Assez de discours sur les psychologues, il y a urgence !

Le problème

 

 

 

 

Pour :

- Recruter des psychologues !

- Rendre la profession de psychologue plus attractive et plus valorisée

Trois ans après la  mise en place du dispositif « Mon-Psy », le Premier ministre a dû reconnaître que c’était un échec. 

Le gouvernement persiste à vouloir faire régner un régime «  low cost », dépréciant les services et les professionnels dûment formés, avec des conséquences graves et durables pour tous, en particulier pour les personnes vulnérables.

De la prévention au soin, le temps de rencontre avec les personnes et les équipes sont essentiels pour éviter le basculement vers des troubles psychopathologiques sévères et plus durables ou leur aggravation.

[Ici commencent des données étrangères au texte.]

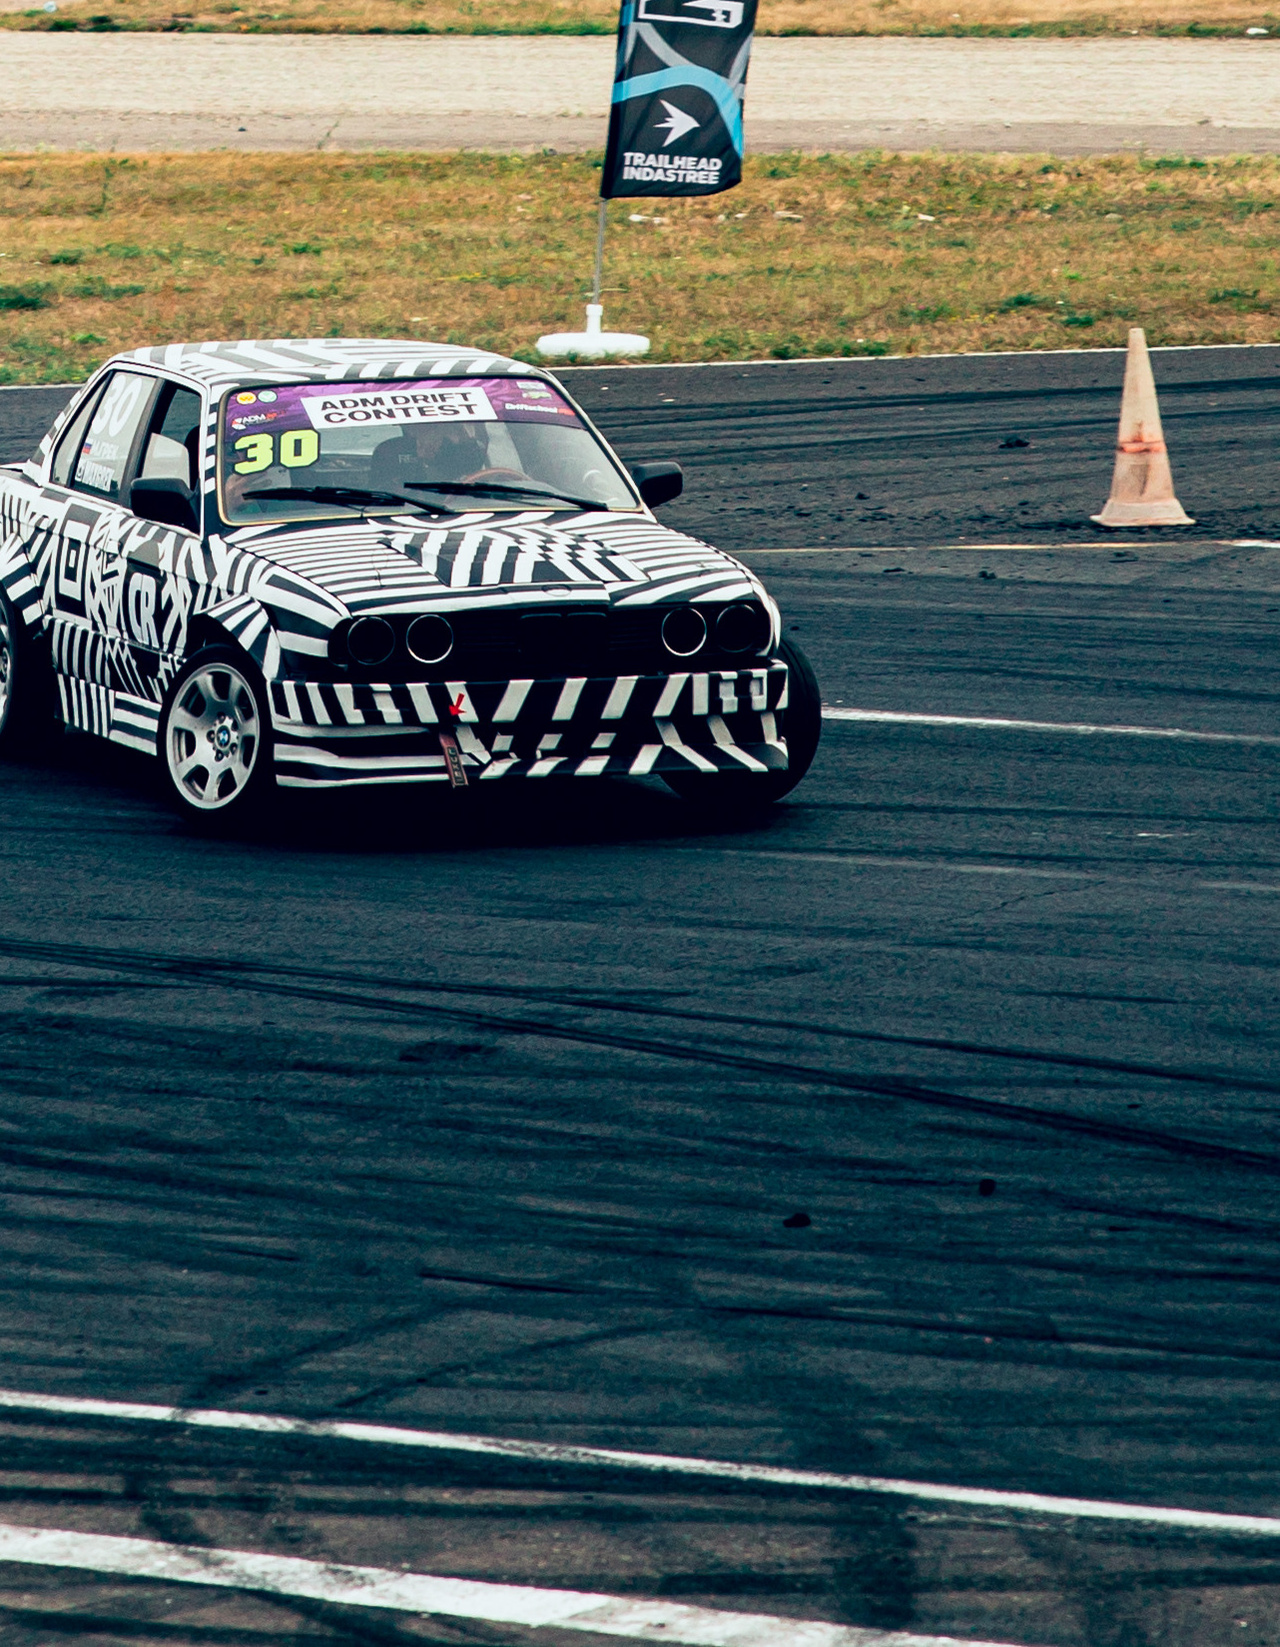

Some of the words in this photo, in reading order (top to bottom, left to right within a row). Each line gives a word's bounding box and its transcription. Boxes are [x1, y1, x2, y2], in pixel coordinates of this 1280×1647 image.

Les psychologues ne veulent pas être réduits au rôle d’urgentistes ou d’évaluateurs dans des dispositifs inadaptés, au détriment de l’accompagnement et de l’écoute psychologique. 

En conséquence, le gouvernement doit prendre en compte les fonctions spécifiques  et les revendications des psychologues. Il est urgent d’ouvrir des discussions avec leurs organisations représentatives qui demandent :

  • La reconnaissance de la place des psychologues dans l’ensemble de leurs champs d’exercice et le maintien du titre unique de psychologue pour exercer
  • L’augmentation des postes de psychologues dans toutes les structures de service public et dans les champs sanitaire, social, médico-social.
  • Le respect du code de déontologie, de la pluralité des approches théoriques et méthodologiques ainsi que  l’autonomie de choix des psychologues.
  • Le refus de toute subordination au médical et de création d’un Ordre professionnel.
  • Une revalorisation de la rémunération à la hauteur de la qualification et des responsabilités.
  • Une harmonisation la plus favorable des grilles des trois versants de la Fonction publique et de l’ensemble des conventions collectives.
  • Le refus de la paupérisation et de la précarisation de la profession et l’arrêt du morcellement du temps de travail.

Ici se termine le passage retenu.